I was not achieving my goals, and I didn’t even have the desire to think about them.

But that changed once I started applying this simple, yet effective framework to my life.

The Framework

I began using what I now call “The Framework” when I realized I felt stuck and wasn’t invested in my future in the way I used to be.

I spent a lot of time thinking about where I was, where I wanted to go, and what I wanted to do, both personally and professionally.

After much thought, I set new goals and identified activities I’d need to participate in to achieve my goals.

Goals are great. But they require an investment of time.

That’s where The Framework comes in.

How to Say No

It works like this: whenever I receive an invitation or request, I ask myself this question: “Will this help me reach my goals?”

It doesn’t matter if the goals are personal, professional—short-term or long-term. Goals are goals.

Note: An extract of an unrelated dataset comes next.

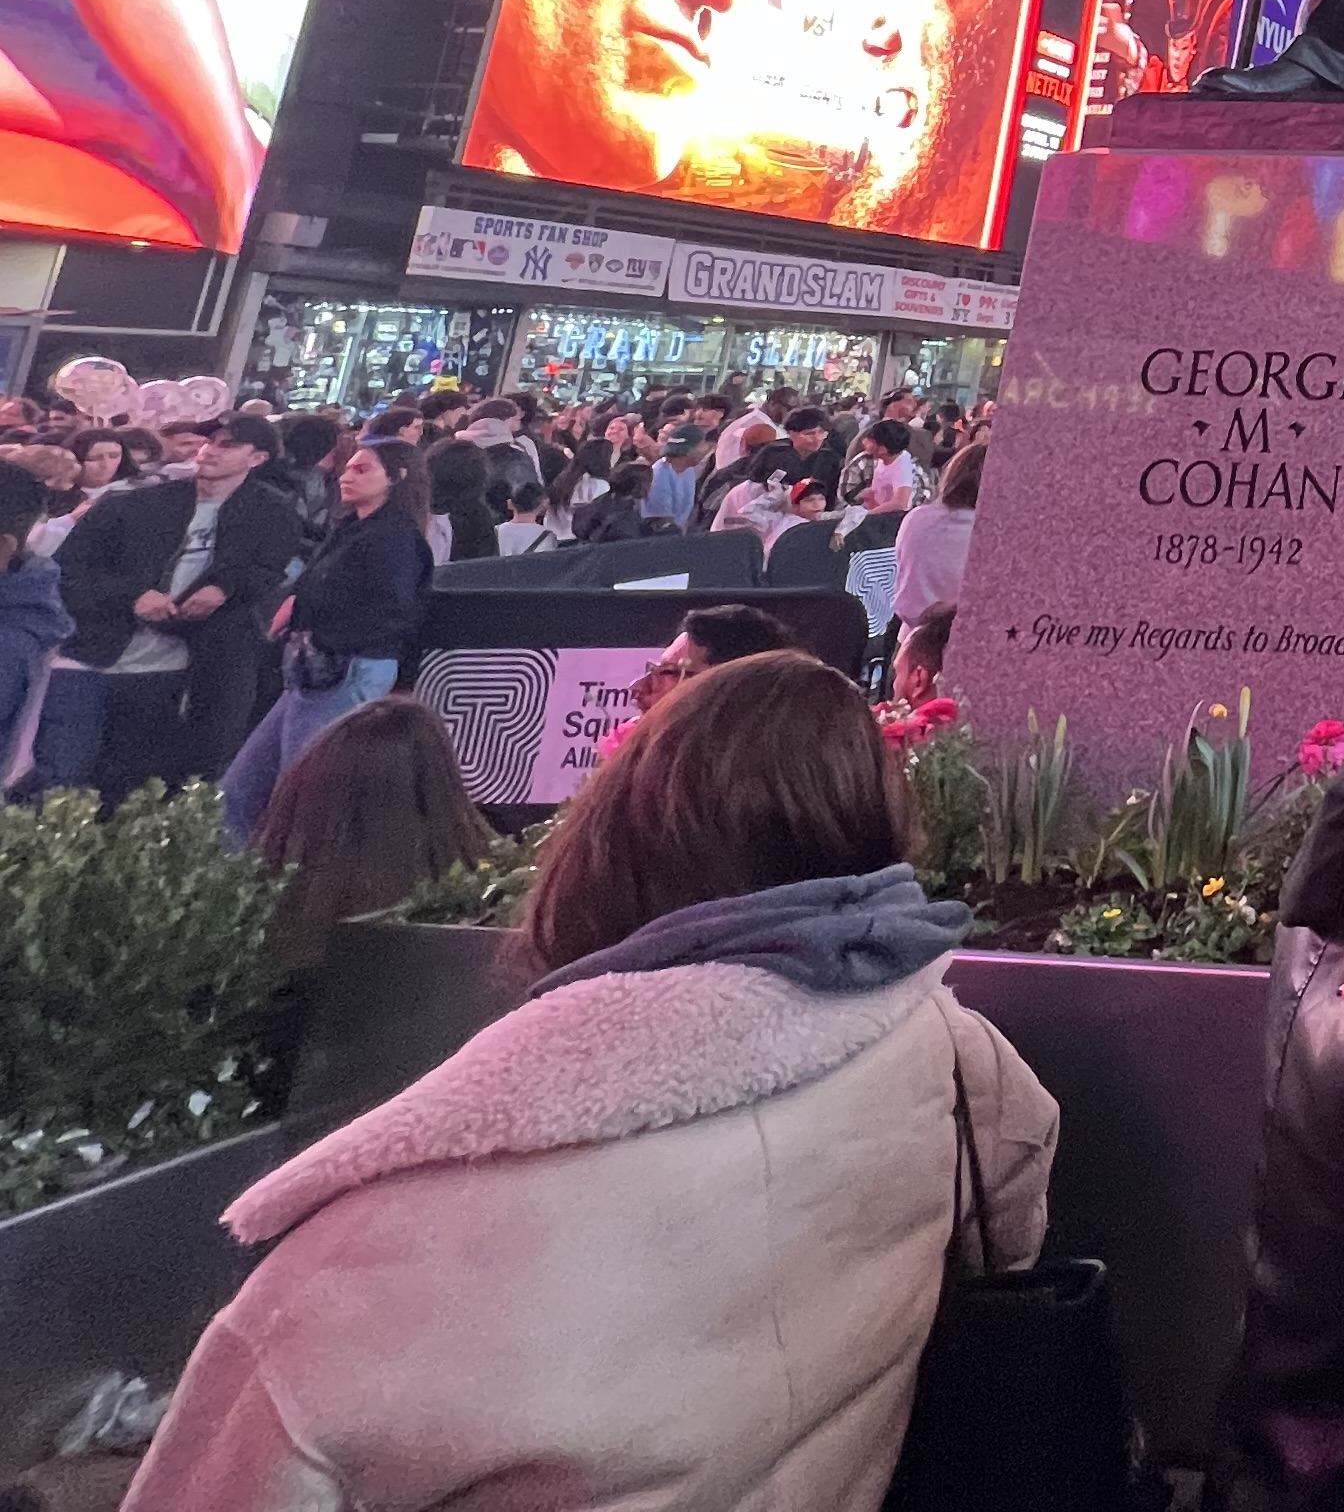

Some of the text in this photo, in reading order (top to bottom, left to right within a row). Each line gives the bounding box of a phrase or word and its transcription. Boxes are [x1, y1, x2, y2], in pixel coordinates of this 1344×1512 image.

If the answer is no, then I decline the invitation. If the answer is yes, I accept the invitation.

Saying no to things that won’t get me to my goals frees up time to focus on activities that will help me achieve my goals.

That means more time for online classes, reading books, and writing outside of my day job.

It means more time for friends and family.

These are all activities I identified to help me achieve my goals.

It’s simple, yet effective.  And it works.

But there are some things to keep in mind to successfully use The Framework.

It’s Not Just About Saying No

The right attitude is important if you’re going to use The Framework successfully.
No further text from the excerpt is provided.